By Steve Hansen
QCS Managing Editor
A city well replacement project will expand to rehabilitate a second well, the Tucumcari City Commission has decided.
The commission voted on Thursday to add $45,710 for rehabilitation of the second well to the price of the $409,000 contract with Rodgers and Company, an Albuquerque well-drilling firm, to dig a new well to replace Well No. 8 at the city’s well field.
The addition to the contract, with an 8-percent sales tax added, brings its grand total to $493,153, according to documents presented with the change order proposal.
The enhanced project will be paid for with state Water Project funds, City Manager Jared Langenegger said.
The extra work is still within the amount budgeted for the project, Mark Martinez, project manager for the well improvement project, said.
Martinez said the well enhancements will “allow the city to develop higher quality water from a reliable source and to supply water from a well that has been out of operation.”
The commission also approved a $40,524.30 allocation from the state’s Youth Conservation Corps Commission Project to finance the commission’s annual summer hire program for young people age 15-25. Under the program, teens and young adults work on city projects under supervision from city crew supervisors, earning money, college credit and other educational opportunities.
The allocation this year will allow the city to provide 10 weeks of employment to seven young people, project manager Mark Martinez said.
The commission also voted to renew a contract for $23,400 with Gordon Environmental, a Bernalillo firm, to conduct environmental monitoring of the city’s old garbage landfill north of the city.

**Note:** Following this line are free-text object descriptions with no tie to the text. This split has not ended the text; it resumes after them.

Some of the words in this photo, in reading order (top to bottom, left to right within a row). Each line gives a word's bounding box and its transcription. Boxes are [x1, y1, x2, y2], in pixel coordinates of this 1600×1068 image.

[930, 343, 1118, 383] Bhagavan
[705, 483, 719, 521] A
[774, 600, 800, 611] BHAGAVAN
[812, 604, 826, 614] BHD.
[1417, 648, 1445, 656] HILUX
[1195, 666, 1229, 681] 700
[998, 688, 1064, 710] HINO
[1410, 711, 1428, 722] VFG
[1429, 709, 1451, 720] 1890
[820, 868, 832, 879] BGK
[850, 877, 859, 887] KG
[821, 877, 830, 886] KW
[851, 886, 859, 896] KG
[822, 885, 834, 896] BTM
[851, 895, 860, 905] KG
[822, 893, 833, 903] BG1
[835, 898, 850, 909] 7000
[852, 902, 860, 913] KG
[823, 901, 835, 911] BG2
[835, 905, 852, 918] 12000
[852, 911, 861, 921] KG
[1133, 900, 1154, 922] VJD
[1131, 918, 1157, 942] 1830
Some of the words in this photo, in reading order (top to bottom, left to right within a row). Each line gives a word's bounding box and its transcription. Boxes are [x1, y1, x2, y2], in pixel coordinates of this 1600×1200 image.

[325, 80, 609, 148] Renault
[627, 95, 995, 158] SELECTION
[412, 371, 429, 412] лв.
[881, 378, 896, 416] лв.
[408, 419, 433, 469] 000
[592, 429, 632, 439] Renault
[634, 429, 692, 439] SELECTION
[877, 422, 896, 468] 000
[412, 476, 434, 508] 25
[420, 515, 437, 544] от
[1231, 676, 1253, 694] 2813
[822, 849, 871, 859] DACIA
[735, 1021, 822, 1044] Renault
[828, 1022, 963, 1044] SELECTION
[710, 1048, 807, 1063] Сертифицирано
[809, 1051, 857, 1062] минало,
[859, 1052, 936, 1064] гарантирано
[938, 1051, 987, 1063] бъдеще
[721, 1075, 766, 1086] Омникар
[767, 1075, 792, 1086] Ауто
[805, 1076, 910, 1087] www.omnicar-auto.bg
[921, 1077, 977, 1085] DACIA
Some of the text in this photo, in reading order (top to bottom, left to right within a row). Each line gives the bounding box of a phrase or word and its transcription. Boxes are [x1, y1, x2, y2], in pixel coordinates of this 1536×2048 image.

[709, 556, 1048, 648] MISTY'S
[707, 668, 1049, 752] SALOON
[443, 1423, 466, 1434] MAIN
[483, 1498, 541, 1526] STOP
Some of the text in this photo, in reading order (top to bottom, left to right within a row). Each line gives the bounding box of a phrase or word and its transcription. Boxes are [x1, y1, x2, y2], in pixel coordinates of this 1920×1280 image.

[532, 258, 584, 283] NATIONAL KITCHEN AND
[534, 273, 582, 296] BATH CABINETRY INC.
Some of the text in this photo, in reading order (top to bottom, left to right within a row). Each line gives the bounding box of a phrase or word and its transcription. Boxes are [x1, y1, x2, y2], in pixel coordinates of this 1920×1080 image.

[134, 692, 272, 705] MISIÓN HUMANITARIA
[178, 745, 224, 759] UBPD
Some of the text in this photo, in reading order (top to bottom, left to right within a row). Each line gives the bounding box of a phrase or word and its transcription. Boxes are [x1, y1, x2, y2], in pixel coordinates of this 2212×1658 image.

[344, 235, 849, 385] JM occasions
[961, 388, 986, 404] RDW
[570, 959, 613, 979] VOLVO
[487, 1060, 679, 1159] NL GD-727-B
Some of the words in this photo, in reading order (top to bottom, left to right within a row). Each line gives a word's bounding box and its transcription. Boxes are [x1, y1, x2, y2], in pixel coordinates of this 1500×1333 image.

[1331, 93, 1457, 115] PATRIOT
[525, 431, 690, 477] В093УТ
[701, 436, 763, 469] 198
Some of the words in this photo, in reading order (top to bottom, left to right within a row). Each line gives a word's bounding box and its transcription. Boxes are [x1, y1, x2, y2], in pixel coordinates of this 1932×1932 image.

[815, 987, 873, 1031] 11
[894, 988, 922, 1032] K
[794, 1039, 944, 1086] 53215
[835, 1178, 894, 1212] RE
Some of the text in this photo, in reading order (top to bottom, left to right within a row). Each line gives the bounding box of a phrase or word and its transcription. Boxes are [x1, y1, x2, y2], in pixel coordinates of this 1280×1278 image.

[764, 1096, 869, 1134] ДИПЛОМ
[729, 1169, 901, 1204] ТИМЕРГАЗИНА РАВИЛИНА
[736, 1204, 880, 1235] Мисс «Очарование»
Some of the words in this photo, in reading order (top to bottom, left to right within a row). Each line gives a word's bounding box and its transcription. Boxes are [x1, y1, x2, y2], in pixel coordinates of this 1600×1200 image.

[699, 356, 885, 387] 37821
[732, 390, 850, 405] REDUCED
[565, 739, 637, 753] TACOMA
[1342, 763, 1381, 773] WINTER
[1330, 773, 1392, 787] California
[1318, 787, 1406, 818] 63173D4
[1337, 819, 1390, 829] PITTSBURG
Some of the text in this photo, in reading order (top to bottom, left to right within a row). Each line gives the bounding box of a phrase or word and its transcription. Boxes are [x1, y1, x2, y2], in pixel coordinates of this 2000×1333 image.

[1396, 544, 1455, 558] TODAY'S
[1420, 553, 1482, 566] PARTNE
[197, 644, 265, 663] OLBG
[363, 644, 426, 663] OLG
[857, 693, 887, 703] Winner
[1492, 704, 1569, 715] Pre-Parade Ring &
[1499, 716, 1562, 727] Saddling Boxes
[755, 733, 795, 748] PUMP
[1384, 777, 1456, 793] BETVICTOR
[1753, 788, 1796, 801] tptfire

City Manager Jared Langenegger introduced two new city employees to the commission Thursday.
One is Shannon Stacey, personnel manager. The other is Robin Alden, a new project manager in the city’s community development department.
Tucumcari MainStreet Manager Gail Houser gave a progress report on MainStreet’s activities.
The state Main Street organization, a division of the Economic Development Department, has contributed $32,855 to Tucumcari MainStreet’s operations he said, including assistance with leadership and professional development training, and marketing activities.
Over the past 12 months, he said, Tucumcari MainStreet has made progress in developing a railroad museum at the city’s historic train depot, which is also MainStreet’s headquarters. In addition, Houser said, MainStreet has freed up $30,000 to use in its “micro-loan” program to local businesses, replaced holiday lighting decorations to use in the downtown area, has made the train depot the site of summer’s twice-weekly farmers’ markets, moving it from Wailes Park; and is developing walking trails in the downtown area.
TucumcariMainstreet, he said, is also working with other city groups on marketing the city, especially to tourists and is planning another “Fired Up!” event for the last Saturday in September.